Common mistake: No platform-compliance warranty. If the Agency's tactics violate Meta or TikTok policies and the Client's account is suspended, the Client has no contractual recourse without this clause.

Limitation of liability and indemnification

In plain language: Caps each party's maximum financial exposure and defines who is responsible for indemnifying the other against third-party claims arising from their respective contributions.

Sample language
Agency's total liability under this Agreement shall not exceed the total fees paid by Client in the [3] months immediately preceding the claim. Client shall indemnify Agency against claims arising from Client-provided content. Agency shall indemnify Client against claims arising from Agency-created content.

Common mistake: No mutual indemnification split. If the Client provides infringing images and a third party sues, the Agency needs contractual protection β€” and vice versa.

Term, termination, and transition

In plain language: Sets the initial contract term, notice period for either party to terminate, conditions for immediate termination for cause, and the Agency's transition obligations to hand over assets and access.

Sample language
This Agreement commences on the Effective Date and continues for an initial term of [12] months, renewing automatically for successive [30]-day periods unless either party provides [30] days' written notice.
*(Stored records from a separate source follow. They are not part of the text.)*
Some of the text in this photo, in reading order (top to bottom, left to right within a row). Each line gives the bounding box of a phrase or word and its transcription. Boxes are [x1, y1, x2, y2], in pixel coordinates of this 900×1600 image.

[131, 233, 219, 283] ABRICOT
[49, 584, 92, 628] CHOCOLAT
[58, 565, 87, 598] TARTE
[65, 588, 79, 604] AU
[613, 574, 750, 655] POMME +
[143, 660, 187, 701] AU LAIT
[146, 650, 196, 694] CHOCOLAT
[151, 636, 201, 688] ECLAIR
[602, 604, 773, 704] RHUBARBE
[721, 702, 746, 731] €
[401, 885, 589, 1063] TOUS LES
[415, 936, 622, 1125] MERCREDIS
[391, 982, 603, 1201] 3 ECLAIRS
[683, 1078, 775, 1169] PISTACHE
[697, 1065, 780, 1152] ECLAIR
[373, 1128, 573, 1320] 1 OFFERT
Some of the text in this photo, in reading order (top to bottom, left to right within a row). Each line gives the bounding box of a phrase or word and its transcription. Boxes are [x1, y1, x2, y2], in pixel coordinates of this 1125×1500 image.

Either party may terminate immediately for material breach uncured within [15] days of written notice. Upon termination, Agency shall deliver all content assets, analytics data, and account credentials to Client within [5] business days.

Common mistake: Auto-renewal with no notice obligation. Clients can find themselves locked into another 12-month term because they missed a notice deadline buried in the contract.

How to fill it out

  1. 1

    Enter the legal entity names and effective date

    Insert the full registered legal name and entity type (LLC, Inc., etc.) for both the Client and the Agency. Set the effective date to the day both parties sign β€” not the first day of service.
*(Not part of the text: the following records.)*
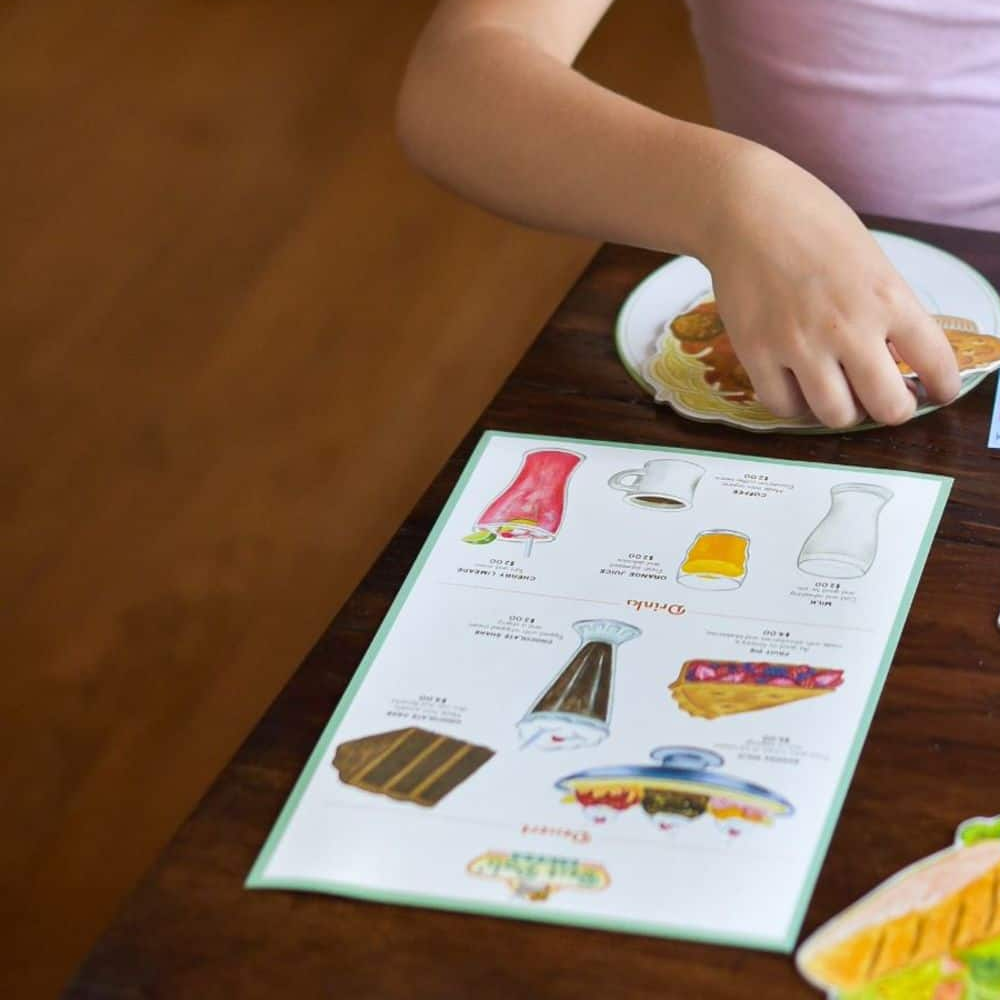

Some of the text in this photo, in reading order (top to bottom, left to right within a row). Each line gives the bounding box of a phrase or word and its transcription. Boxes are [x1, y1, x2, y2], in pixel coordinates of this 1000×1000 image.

[456, 567, 497, 577] LIMEADE
[599, 568, 668, 581] ORANGE JUICE
[499, 573, 537, 582] CHERRY
[626, 599, 686, 617] Drinks
[809, 599, 833, 608] MILK
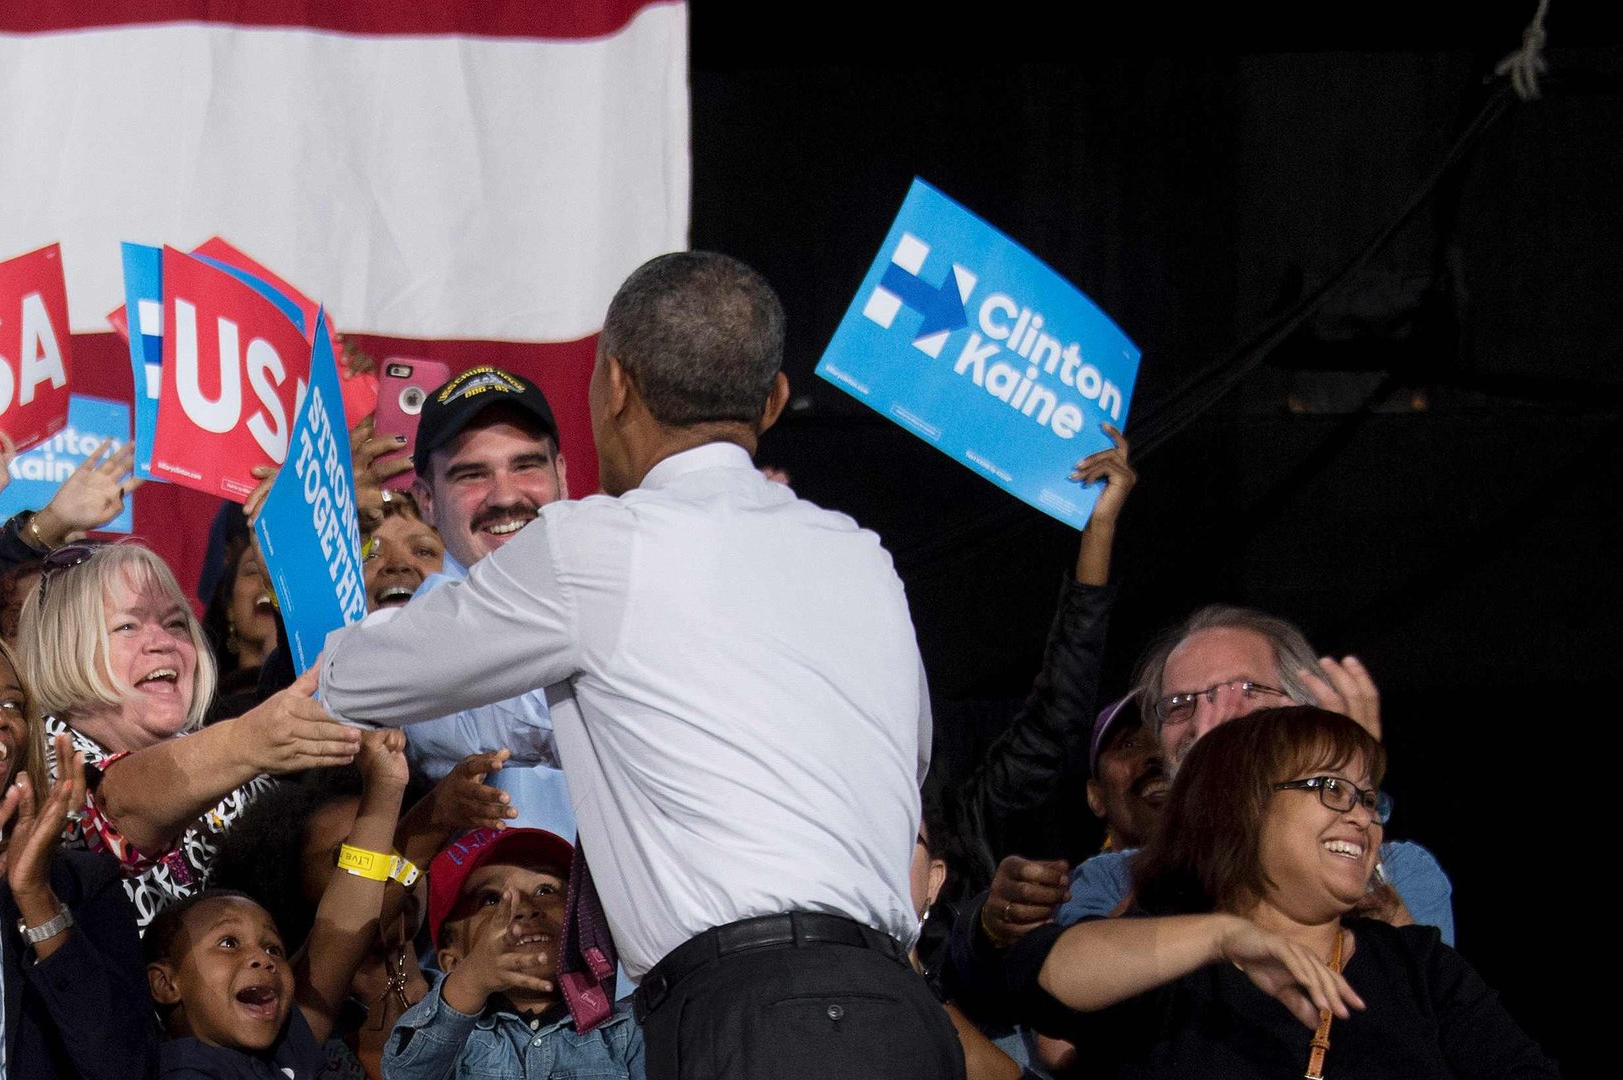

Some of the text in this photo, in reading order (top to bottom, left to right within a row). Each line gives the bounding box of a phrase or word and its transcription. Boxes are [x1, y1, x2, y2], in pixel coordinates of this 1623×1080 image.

[175, 297, 308, 466] US
[953, 333, 1083, 439] Kaine
[978, 295, 1124, 421] Clinton
[308, 386, 363, 568] STRONG
    πŸ’‘ Cross-check both entity names against state/provincial business registries before execution. A mismatch is the most common cause of unenforceable contracts.

  2. 2

    Draft Schedule A β€” scope of services and platforms

    List every platform, content type, and deliverable the Agency will manage β€” number of posts per week, platform list, ad management yes/no, reporting cadence. Attach it as Schedule A rather than writing it into the contract body.

    πŸ’‘ Be explicit about what is excluded. Writing 'TikTok management excluded unless added by amendment' prevents scope-creep disputes six months in.

  3. 3

    Define the content approval workflow and deadlines

    Set the number of business days the Agency will submit content in advance, the number of days the Client has to respond, and a clear deemed-approval clause for non-response.

    πŸ’‘ A 5-business-day submission window with a 2-business-day Client response window is a common and workable standard for most monthly retainers.

  4. 4

    Complete the fee schedule and ad spend billing method

    Enter the monthly retainer amount, payment due date, late-fee rate, and the method for billing ad spend separately. Specify whether ad spend is billed at cost or cost-plus and at what percentage.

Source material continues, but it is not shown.